Could you return every record below exactly as it stands, leaving out the pictures?
---- Data records
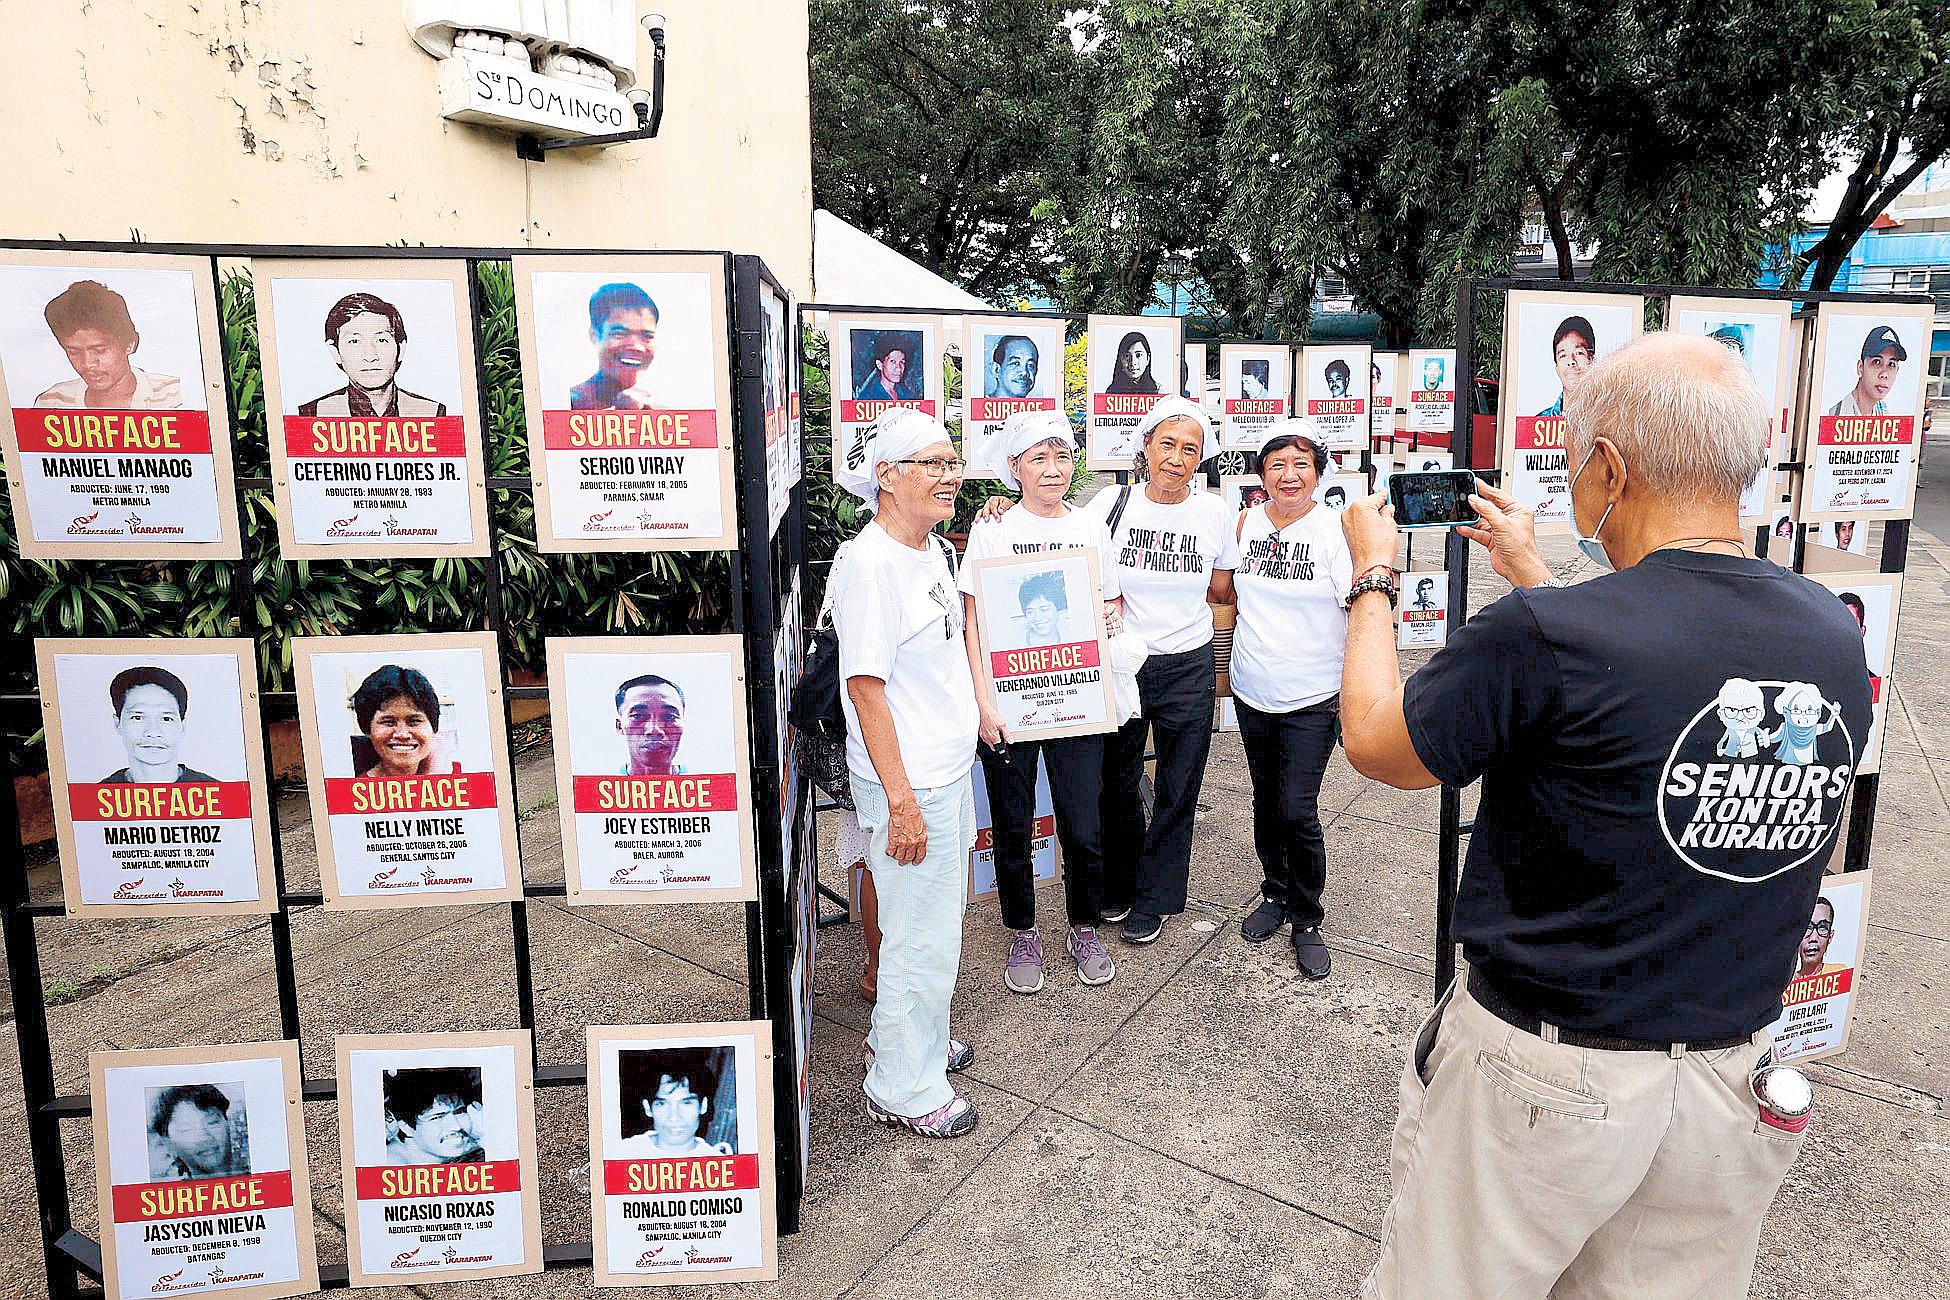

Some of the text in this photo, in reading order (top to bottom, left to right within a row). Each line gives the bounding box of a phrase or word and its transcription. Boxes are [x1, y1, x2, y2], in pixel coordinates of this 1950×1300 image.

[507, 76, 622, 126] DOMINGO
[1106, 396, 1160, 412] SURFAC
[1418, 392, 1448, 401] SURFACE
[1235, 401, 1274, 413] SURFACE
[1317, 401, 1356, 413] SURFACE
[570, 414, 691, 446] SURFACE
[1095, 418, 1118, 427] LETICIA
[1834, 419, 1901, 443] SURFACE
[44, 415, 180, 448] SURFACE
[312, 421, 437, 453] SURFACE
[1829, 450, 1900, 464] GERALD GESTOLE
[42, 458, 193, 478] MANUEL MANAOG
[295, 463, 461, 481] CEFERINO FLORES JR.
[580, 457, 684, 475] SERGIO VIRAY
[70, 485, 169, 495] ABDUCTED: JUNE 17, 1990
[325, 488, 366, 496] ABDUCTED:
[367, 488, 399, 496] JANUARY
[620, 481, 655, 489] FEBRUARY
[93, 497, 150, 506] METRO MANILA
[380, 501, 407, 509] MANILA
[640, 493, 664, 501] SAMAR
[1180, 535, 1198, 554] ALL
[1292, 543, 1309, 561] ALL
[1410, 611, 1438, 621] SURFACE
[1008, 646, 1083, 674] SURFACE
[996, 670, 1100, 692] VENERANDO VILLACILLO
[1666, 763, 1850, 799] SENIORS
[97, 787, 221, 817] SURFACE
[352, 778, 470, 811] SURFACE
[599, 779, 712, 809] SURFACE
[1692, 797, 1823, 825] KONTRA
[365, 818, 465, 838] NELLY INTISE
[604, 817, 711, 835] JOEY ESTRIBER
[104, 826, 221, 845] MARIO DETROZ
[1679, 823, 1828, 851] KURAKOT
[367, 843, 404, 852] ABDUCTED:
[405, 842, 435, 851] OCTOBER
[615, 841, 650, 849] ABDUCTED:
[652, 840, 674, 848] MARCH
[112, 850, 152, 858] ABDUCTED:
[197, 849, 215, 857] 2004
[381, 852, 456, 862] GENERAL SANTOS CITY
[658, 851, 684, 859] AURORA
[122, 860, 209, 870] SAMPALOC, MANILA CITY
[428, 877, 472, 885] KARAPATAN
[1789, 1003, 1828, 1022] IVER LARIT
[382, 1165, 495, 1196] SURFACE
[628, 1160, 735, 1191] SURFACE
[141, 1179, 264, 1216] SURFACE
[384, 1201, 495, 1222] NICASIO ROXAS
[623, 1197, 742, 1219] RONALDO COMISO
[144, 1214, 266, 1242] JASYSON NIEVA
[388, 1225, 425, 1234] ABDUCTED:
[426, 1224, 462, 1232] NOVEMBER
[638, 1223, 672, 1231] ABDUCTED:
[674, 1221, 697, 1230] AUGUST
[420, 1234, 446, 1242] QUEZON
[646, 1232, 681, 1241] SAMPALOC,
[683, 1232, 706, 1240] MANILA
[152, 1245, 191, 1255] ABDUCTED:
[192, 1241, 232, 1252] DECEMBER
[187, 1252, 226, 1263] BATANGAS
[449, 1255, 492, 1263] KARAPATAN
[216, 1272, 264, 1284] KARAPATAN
--------
> Problem solution
Some of the text in this photo, in reading order (top to bottom, left to right within a row). Each line gives the bounding box of a phrase or word and its transcription. Boxes are [x1, y1, x2, y2], in pixel coordinates of this 1950×1300 image.

[507, 76, 622, 126] DOMINGO
[1106, 396, 1160, 412] SURFAC
[1418, 392, 1448, 401] SURFACE
[1235, 401, 1274, 413] SURFACE
[1317, 401, 1356, 413] SURFACE
[570, 414, 691, 446] SURFACE
[1095, 418, 1118, 427] LETICIA
[1834, 419, 1901, 443] SURFACE
[44, 415, 180, 448] SURFACE
[312, 421, 437, 453] SURFACE
[1829, 450, 1900, 464] GERALD GESTOLE
[42, 458, 193, 478] MANUEL MANAOG
[295, 463, 461, 481] CEFERINO FLORES JR.
[580, 457, 684, 475] SERGIO VIRAY
[70, 485, 169, 495] ABDUCTED: JUNE 17, 1990
[325, 488, 366, 496] ABDUCTED:
[367, 488, 399, 496] JANUARY
[620, 481, 655, 489] FEBRUARY
[93, 497, 150, 506] METRO MANILA
[380, 501, 407, 509] MANILA
[640, 493, 664, 501] SAMAR
[1180, 535, 1198, 554] ALL
[1292, 543, 1309, 561] ALL
[1410, 611, 1438, 621] SURFACE
[1008, 646, 1083, 674] SURFACE
[996, 670, 1100, 692] VENERANDO VILLACILLO
[1666, 763, 1850, 799] SENIORS
[97, 787, 221, 817] SURFACE
[352, 778, 470, 811] SURFACE
[599, 779, 712, 809] SURFACE
[1692, 797, 1823, 825] KONTRA
[365, 818, 465, 838] NELLY INTISE
[604, 817, 711, 835] JOEY ESTRIBER
[104, 826, 221, 845] MARIO DETROZ
[1679, 823, 1828, 851] KURAKOT
[367, 843, 404, 852] ABDUCTED:
[405, 842, 435, 851] OCTOBER
[615, 841, 650, 849] ABDUCTED:
[652, 840, 674, 848] MARCH
[112, 850, 152, 858] ABDUCTED:
[197, 849, 215, 857] 2004
[381, 852, 456, 862] GENERAL SANTOS CITY
[658, 851, 684, 859] AURORA
[122, 860, 209, 870] SAMPALOC, MANILA CITY
[428, 877, 472, 885] KARAPATAN
[1789, 1003, 1828, 1022] IVER LARIT
[382, 1165, 495, 1196] SURFACE
[628, 1160, 735, 1191] SURFACE
[141, 1179, 264, 1216] SURFACE
[384, 1201, 495, 1222] NICASIO ROXAS
[623, 1197, 742, 1219] RONALDO COMISO
[144, 1214, 266, 1242] JASYSON NIEVA
[388, 1225, 425, 1234] ABDUCTED:
[426, 1224, 462, 1232] NOVEMBER
[638, 1223, 672, 1231] ABDUCTED:
[674, 1221, 697, 1230] AUGUST
[420, 1234, 446, 1242] QUEZON
[646, 1232, 681, 1241] SAMPALOC,
[683, 1232, 706, 1240] MANILA
[152, 1245, 191, 1255] ABDUCTED:
[192, 1241, 232, 1252] DECEMBER
[187, 1252, 226, 1263] BATANGAS
[449, 1255, 492, 1263] KARAPATAN
[216, 1272, 264, 1284] KARAPATAN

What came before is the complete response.